E quando se trata de danos colaterais, os fãs de corrida ficam indignados com o fato de o comissário da NASCAR ter chamado Richard Childress, que se uniu a Dale Earnhardt para ganhar seis títulos da Copa, de “caipira estúpido”. Agora sabemos que Joe Gibbs, treinador três vezes vencedor do Super Bowl e pentacampeão da Cup Series, foi às lágrimas quando ligou para Jim France para dizer “Não faça isso conosco!” e foi informado que a culpa era dele, em parte, porque os hábitos de consumo de sua equipe eram imprudentes. A família francesa sabe agora o quão descontentes têm sido os seus tenentes. Inferno, eu não sabia que Hamlin acreditava que passei toda a minha carreira com medo do pessoal da NASCAR até ele twittou na véspera do julgamento.
Nada representa melhor a temporada de férias do que uma violenta briga familiar.
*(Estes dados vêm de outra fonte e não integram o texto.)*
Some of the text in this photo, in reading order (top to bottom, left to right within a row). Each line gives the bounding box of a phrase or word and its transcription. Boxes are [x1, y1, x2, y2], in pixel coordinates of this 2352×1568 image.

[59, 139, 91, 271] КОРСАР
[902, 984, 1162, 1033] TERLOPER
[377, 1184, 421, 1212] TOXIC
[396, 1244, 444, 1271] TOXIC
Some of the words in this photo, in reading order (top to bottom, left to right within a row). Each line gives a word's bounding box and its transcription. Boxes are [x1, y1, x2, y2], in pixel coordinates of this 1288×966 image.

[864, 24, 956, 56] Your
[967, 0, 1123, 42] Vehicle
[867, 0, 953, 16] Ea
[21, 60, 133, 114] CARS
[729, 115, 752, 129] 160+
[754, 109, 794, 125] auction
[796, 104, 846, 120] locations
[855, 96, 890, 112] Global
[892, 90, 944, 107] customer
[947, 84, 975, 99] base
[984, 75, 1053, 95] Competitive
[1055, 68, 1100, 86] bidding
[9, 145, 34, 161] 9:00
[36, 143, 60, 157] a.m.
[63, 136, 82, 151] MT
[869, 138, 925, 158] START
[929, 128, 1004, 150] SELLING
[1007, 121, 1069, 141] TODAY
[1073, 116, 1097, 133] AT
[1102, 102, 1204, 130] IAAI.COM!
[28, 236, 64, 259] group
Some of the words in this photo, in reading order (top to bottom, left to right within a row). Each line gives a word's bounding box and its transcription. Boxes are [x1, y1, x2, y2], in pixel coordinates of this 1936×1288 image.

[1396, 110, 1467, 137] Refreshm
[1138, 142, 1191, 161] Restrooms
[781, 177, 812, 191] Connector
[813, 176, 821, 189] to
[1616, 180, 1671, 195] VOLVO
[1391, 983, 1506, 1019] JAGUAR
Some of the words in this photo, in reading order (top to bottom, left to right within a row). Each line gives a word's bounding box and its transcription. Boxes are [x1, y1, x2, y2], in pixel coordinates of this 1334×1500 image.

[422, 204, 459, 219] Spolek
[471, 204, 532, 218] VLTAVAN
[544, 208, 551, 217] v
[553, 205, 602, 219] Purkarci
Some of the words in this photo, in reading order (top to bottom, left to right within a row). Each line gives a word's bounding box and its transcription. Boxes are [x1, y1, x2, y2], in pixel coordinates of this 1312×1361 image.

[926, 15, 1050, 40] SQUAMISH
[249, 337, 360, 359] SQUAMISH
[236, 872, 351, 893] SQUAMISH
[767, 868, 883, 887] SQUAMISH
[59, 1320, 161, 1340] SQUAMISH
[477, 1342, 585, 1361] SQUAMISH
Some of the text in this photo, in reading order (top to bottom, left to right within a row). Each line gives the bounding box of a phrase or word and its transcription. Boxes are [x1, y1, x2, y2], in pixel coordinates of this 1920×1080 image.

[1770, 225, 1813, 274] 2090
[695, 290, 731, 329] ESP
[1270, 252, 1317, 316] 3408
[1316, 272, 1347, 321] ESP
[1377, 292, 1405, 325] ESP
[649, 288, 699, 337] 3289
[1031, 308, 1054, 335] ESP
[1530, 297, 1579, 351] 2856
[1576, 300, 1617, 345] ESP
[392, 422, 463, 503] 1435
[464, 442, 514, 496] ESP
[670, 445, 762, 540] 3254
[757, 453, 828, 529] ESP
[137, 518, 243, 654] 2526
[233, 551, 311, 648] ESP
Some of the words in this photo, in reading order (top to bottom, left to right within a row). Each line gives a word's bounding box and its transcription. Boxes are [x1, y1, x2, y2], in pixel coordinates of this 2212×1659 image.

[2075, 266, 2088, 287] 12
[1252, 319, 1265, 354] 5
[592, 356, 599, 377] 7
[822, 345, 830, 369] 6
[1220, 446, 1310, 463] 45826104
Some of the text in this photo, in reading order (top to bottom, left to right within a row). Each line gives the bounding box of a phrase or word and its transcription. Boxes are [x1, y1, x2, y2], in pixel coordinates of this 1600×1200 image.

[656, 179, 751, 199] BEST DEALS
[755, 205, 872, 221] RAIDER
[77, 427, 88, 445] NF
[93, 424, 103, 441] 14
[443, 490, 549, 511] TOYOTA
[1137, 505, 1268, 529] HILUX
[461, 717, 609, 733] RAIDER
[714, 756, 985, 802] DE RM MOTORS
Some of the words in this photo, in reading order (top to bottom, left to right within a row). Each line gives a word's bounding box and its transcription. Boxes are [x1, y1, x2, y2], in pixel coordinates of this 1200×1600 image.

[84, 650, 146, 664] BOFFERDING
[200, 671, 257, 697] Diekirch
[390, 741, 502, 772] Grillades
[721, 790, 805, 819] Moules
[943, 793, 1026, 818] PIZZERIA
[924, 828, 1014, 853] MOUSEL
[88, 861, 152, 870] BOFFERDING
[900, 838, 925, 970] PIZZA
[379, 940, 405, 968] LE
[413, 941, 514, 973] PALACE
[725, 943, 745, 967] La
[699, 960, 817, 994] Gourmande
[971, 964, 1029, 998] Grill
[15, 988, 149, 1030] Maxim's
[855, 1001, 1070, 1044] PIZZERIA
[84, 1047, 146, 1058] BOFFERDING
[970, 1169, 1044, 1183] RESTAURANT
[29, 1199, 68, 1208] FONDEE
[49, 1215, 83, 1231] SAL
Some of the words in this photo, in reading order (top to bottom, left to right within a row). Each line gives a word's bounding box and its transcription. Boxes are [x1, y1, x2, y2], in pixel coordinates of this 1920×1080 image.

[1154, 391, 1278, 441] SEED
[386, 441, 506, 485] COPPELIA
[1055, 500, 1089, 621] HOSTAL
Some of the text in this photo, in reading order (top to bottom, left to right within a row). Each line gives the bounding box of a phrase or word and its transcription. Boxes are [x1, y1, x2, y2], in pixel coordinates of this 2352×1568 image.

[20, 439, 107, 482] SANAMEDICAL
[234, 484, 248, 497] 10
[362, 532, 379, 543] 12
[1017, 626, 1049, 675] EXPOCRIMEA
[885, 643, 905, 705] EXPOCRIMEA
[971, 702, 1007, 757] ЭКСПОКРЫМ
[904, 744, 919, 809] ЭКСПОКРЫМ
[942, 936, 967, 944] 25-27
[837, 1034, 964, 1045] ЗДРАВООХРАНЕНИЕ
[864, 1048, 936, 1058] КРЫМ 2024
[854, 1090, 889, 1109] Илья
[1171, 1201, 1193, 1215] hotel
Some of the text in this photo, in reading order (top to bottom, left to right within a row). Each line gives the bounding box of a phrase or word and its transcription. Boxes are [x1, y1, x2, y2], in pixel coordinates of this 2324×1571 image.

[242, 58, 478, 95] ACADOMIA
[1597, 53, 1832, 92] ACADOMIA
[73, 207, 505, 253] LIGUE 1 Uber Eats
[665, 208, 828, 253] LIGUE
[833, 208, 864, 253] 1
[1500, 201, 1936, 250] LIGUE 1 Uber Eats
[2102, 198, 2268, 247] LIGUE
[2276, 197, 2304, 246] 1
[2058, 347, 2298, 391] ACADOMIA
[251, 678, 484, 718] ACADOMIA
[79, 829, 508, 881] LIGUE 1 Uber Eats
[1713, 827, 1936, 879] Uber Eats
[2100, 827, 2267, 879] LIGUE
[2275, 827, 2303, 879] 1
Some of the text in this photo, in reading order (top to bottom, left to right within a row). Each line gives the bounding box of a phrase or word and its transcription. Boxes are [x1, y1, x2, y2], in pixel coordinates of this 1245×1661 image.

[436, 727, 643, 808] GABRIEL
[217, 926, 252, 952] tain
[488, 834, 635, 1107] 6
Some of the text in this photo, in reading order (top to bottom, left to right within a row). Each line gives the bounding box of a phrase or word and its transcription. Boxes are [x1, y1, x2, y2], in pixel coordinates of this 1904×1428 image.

Uma exposição de queixas familiares de longa data que ultrapassam e depois ultrapassam uma linha que há muito era considerada intransponível. Seu tio finalmente falou o que pensava sobre a bebida de sua mãe. Sua irmã finalmente tirou do peito que seu cônjuge a assusta. Sua sogra, apanhada no calor do momento, chamou você de péssimo pai e depois acrescentou que você também nunca divide a conta em jantares de família.
Então, uma vez que o confronto termina e todos terminam de contar verdades duras que todos na família já sabiam, mas ninguém ousava dizer em voz alta, a única coisa pior do que a gritaria é o silêncio constrangedor que se segue.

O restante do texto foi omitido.